What we can all do to help:

First, we encourage all families to contact your kids’ school and find out whether you qualify for National Free or Reduced Lunch. If so, please apply! Most applications are currently open for the upcoming school year. With inflation and food prices so high and continuing to rise, there is no shame in receiving this assistance for your child or children. Many families need financial support right now, for a million different reasons, and we’re all in this together.

Second, if you’re in a position to support Filling in the Blanks financially and help neighboring families, we will continue ramping up our programming to meet the increased demand.

The biggest thing you can do to help now is contribute monthly to Filling in the Blanks. Reliable, ongoing donations allow us to serve more kids in more areas of the state, every single weekend. It costs $25/month to fund all of a child’s weekend meals, all year round. One-time donations are also greatly appreciated.

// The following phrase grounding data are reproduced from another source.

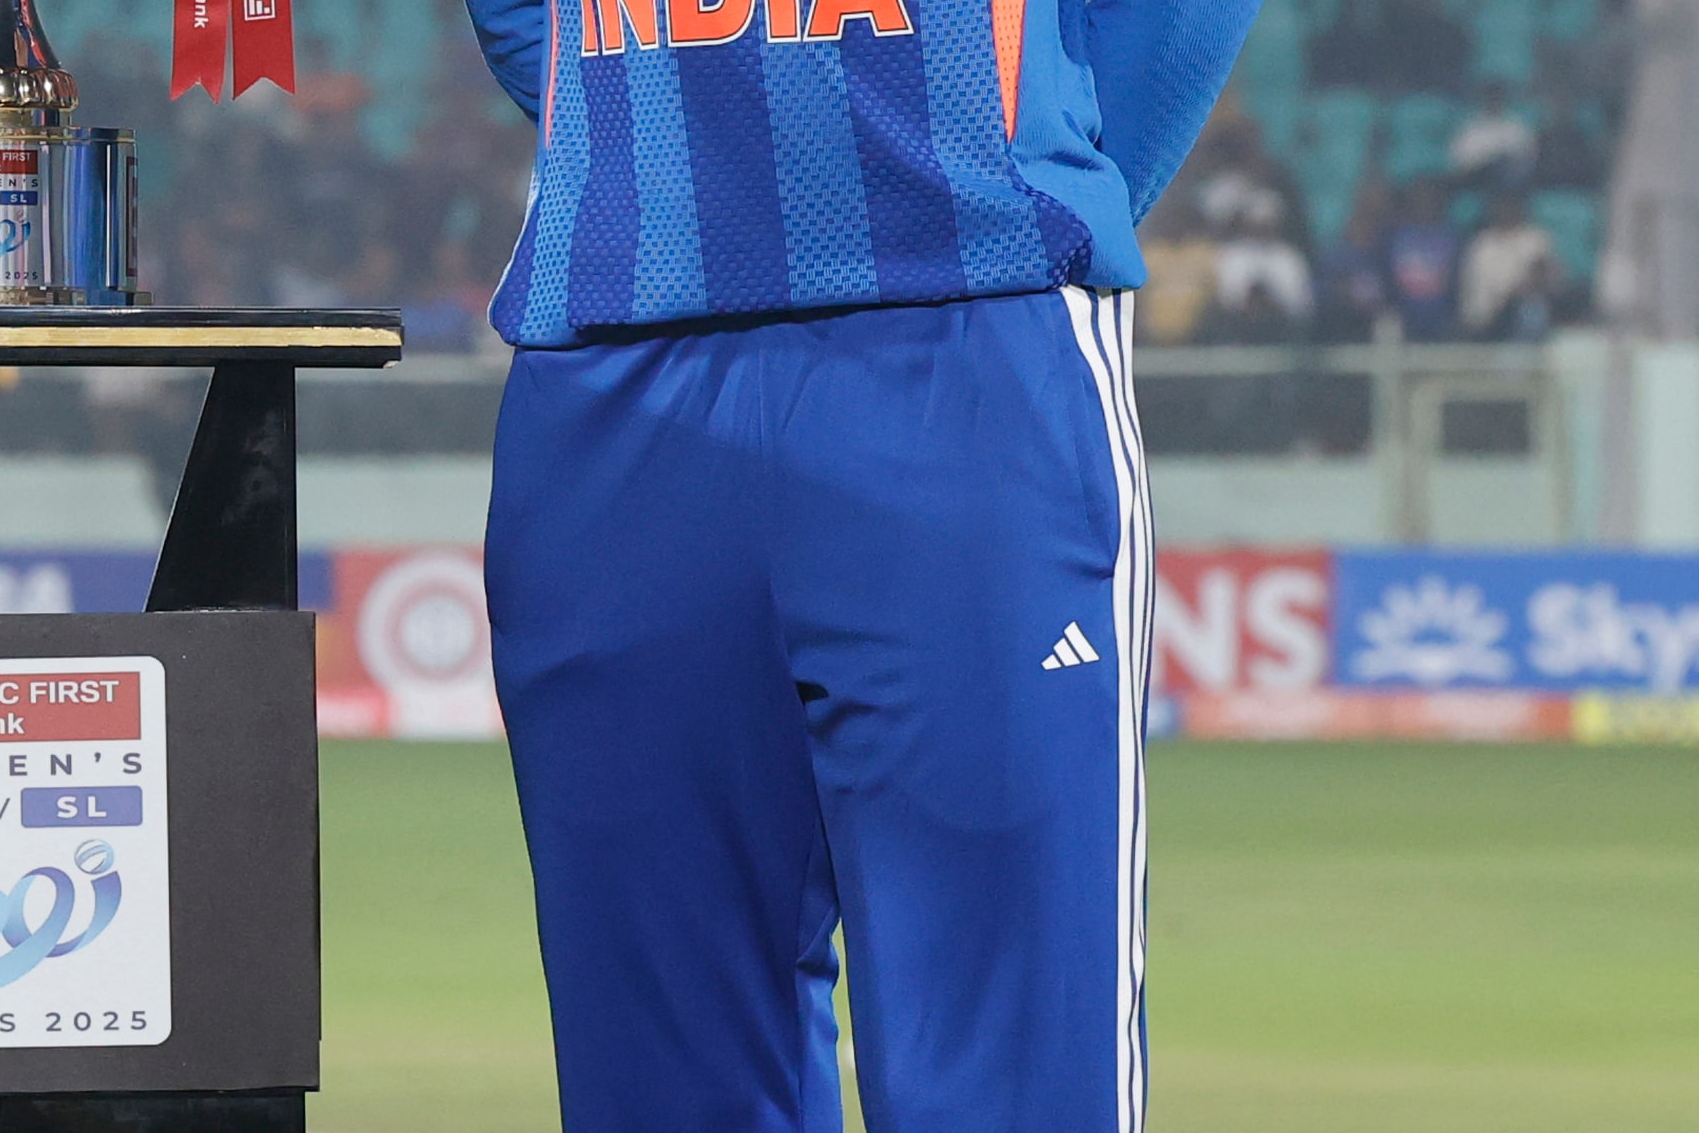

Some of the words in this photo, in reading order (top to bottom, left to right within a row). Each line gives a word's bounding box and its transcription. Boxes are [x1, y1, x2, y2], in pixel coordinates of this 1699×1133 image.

[2, 152, 31, 161] FIRST
[10, 194, 28, 203] SL
[5, 271, 39, 280] 2025
[29, 680, 120, 705] FIRST
[56, 795, 108, 819] SL
[45, 1010, 148, 1033] 2025
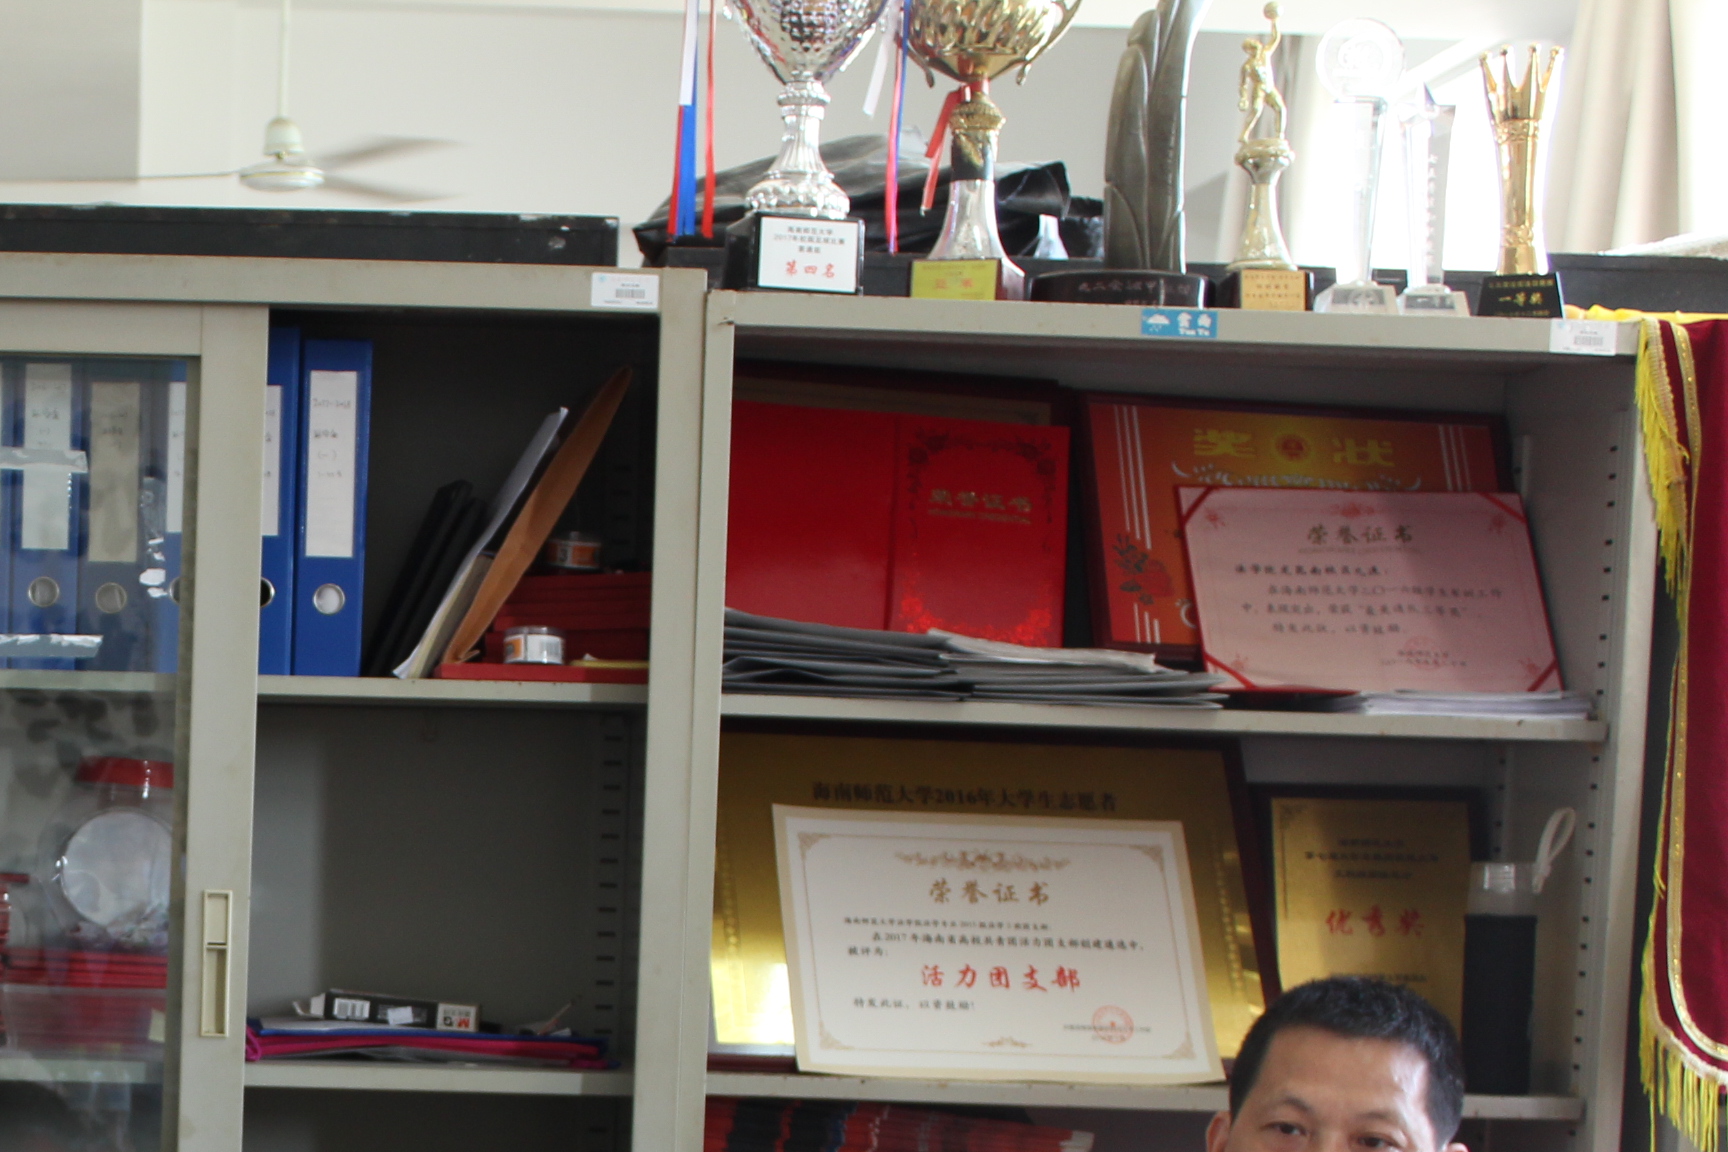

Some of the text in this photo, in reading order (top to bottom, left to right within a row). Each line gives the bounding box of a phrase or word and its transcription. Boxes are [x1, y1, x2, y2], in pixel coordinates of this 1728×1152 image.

[785, 259, 836, 278] 第四名
[1193, 428, 1396, 467] 奖状
[1307, 525, 1413, 544] 荣誉证书
[929, 878, 1051, 906] 荣誉证书
[1325, 904, 1425, 937] 优秀奖
[921, 963, 1081, 992] 活力团支部
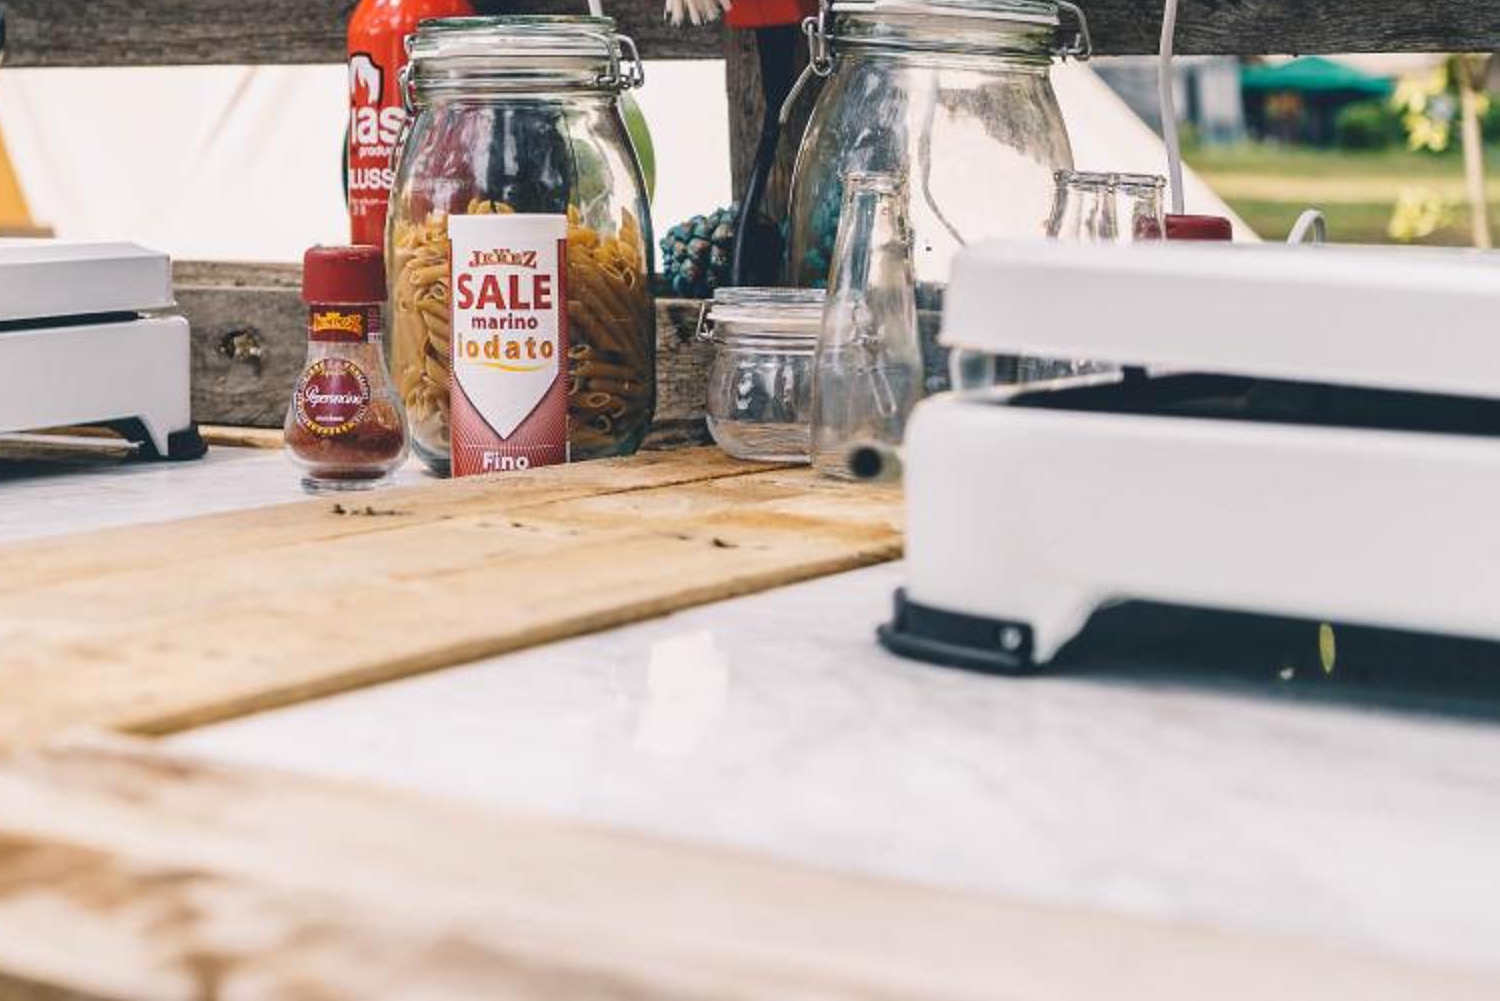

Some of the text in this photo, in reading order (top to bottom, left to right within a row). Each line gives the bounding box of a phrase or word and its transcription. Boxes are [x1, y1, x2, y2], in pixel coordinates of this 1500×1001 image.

“The Filling in the Blanks meal program has been an extra blessing to most families that we serve as we know how hard times have become with prices being inflated since the pandemic. People are just trying to get through their daily struggles and this package of food helps most families more than you know. The packages are filled with some pretty decent portions and necessities that satisfy both parent and child. There are a few goodies in the bags that my students particularly look forward to receiving.” —Monica Wilson, Norwalk Housing Authority


“Filling in the Blanks is an invaluable resource for families at Westover Elementary School. Children ask me on a regular basis, “When do we get the Backpack Program?!” (As it is known by the kids.) They are so excited when Fridays come and they receive their bag of food. I hear from many families how important this extra food is for families who are struggling mightily to stay afloat. When the kindergarten students walk a bit slower to the bus, weighed down by a heavy bag of food, I am certain that this extra bit of food is essential for our families.” —Mich West, LCSW, Westover Elementary School

The abrupt end of the federal school meal waivers is a huge hurdle, but we’re not going anywhere. We will continue supplying nutritious weekend meals to as many families as we possibly can—and we’re steadily growing thanks to your support.